Долина реки Красная.

В кармане куртки звякнуло. Матвей вытащил часы — большие, в стальном корпусе и на стальной же цепочке, пристёгнутой за неимением жилетных пуговиц, к подкладке английской булавкой. Часы оттягивали руку — при необходимости они могли сойти за кистень. Матвей приобрёл их во время стоянки в Нагасаки, где «Смоленск» сделал остановку перед тем, как идти во Владивосток, у боцмана с немецкого пакетбота, застрявшего в Батавии из-за повреждения гребного винта. Боцман неделю не вылезал из припортовых кабаков и пропился вчистую — потому и пристал к Матвею с предложением приобрести часы по сходной цене.

Торговля шла на портовом жаргоне — невообразимой смеси английских, голландских и ещё каких-то слов. В итоге высокие договаривающиеся стороны разошлись, довольные друг другом — боцман отправился в таверну пропивать полученную горсть серебряной российской мелочи, Матвей же остался наслаждаться первыми в своей жизни «всамделишними», карманными часами. Голландец не обманул — механизм действовал исправно, отбивая тихим звоном «склянки» — каждые полчаса, не забывай только подзаводить пружину. Молодой человек быстро привык сверять свой режим со стрелками — вот и сейчас они недвусмысленно подсказывали, что Казанков уже разобрался со своими делами, и пора поторопиться в «штабную» хижину.

Матвей разочарованно крякнул — он-то рассчитывал всё же пострелять, благо очередная команда стрелков уже явилась на стрельбище. Аннамиты шли, построившись в колонну по два. Свои «Шасспо» они волокли кто на правом, кто на левом плече, а кто и вовсе перекинув через шею, как деревенские бабы носят коромысла. Инструктор, здоровенный русоволосы малый, ругательски подгонял своих подопечных, безуспешно пытаясь добиться, чтобы те хотя бы делали вид, что шагают в ногу. Юноша проводил процессию взглядом, повернулся и пошёл прочь, на ходу запихивая часы в карман.

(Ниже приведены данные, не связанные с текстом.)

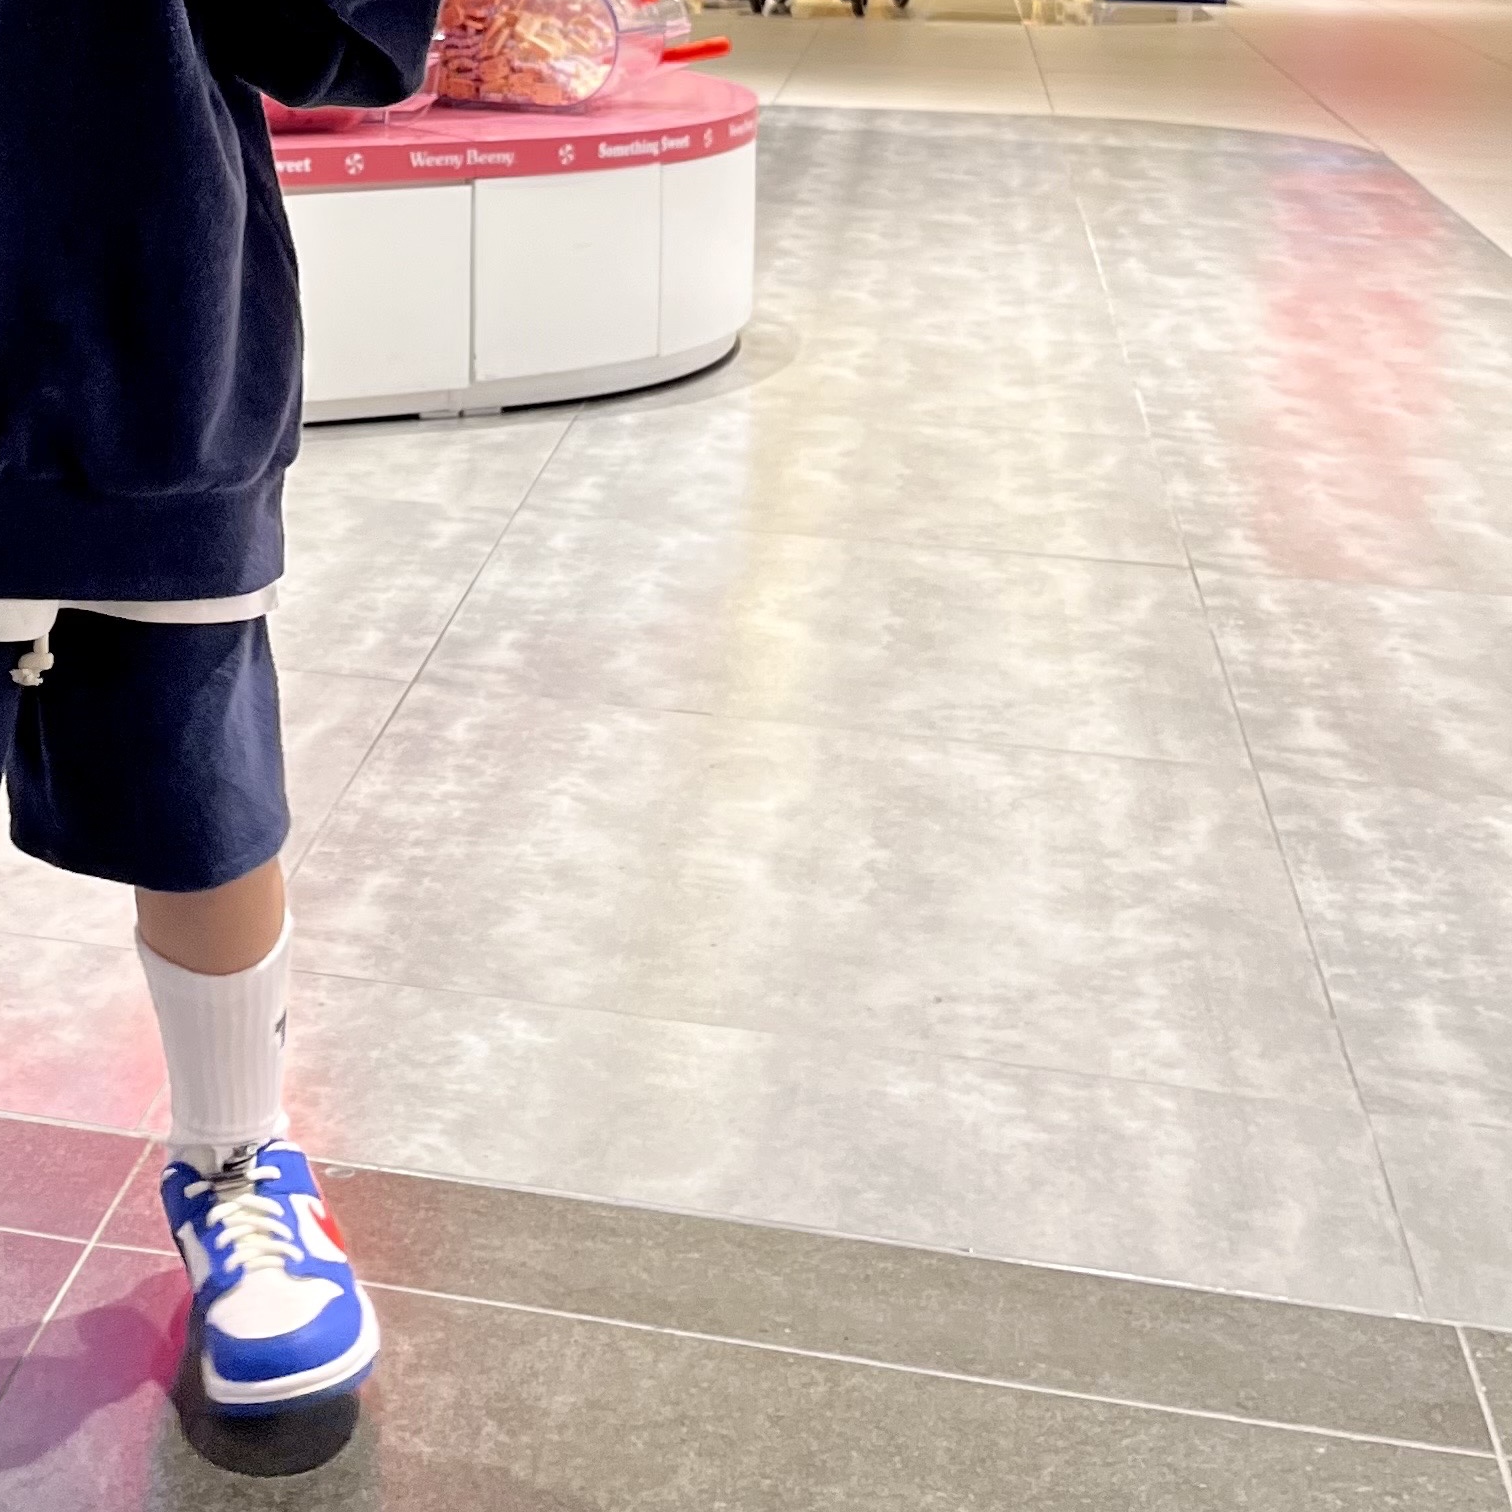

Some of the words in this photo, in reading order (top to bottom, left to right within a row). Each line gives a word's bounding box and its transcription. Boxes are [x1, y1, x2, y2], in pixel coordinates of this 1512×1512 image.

[409, 149, 464, 170] Weeny
[598, 140, 660, 160] Something
[276, 155, 312, 174] weet
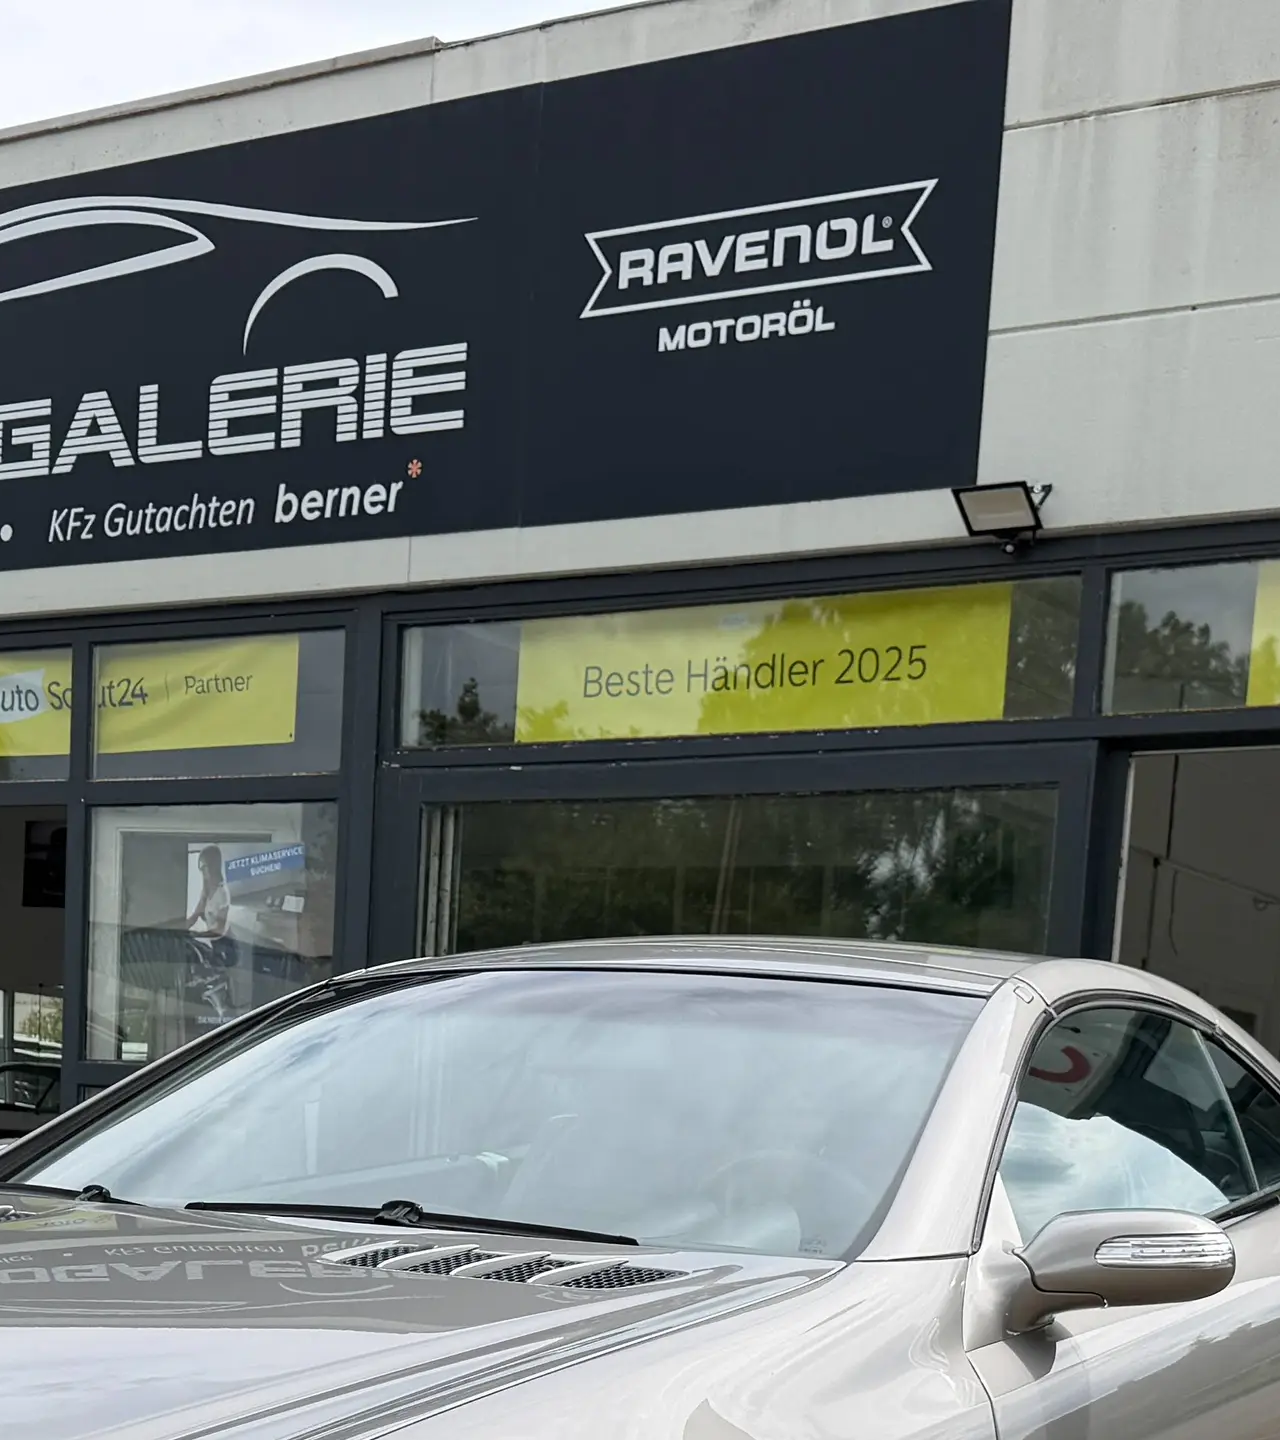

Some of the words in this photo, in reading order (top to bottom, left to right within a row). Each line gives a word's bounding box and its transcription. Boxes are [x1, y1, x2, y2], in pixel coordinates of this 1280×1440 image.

Идти к «штабной» хижине предстояло через всё стрельбище; на противоположном его конце Матвей миновал воткнутые в землю длинные бамбуковые шесты. На шестах красовались узкие полотнища чёрного, белого и ярко-жёлтого цветы, изрисованные изображениями драконов. Разноцветная чешуя, оскаленные пасти, гребни, кроваво-красные устрашающие когти — всё это трепетало вместе с тканью на ветру так, что моментами казалось, будто драконы ожили и угрожающе извиваются, готовые броситься на проходящего мимо человека.

Матвей припомнил, как он удивился, впервые увидав штандарты с драконами — он-то искренне полагал, что подобные изображения характерны лишь китайской традиции. Казанков, который к тому времени успел почитать кое-что по культуре региона, где им предстояло действовать, развеял это заблуждение. Во-первых, говорил он, северный Тонкин граничит с китайскими провинциями, и влияние культуры Поднебесной ощущается здесь особенно остро. А во-вторых, и это главное, сами аннамиты, согласно древней легенде — потомки Дракона и Феи. Тысячи лет назад могучий сын Дракона по имени Лонг Куан поразил в поединке морское чудовище, обосновался на суше по соседству и взял в жёны прекрасную Фею Ау Ко. А от детей их пошёл народ, населяющий теперь и Кохинхину, и Аннам, и Тонкин — как, впрочем, и другие страны Индокитая.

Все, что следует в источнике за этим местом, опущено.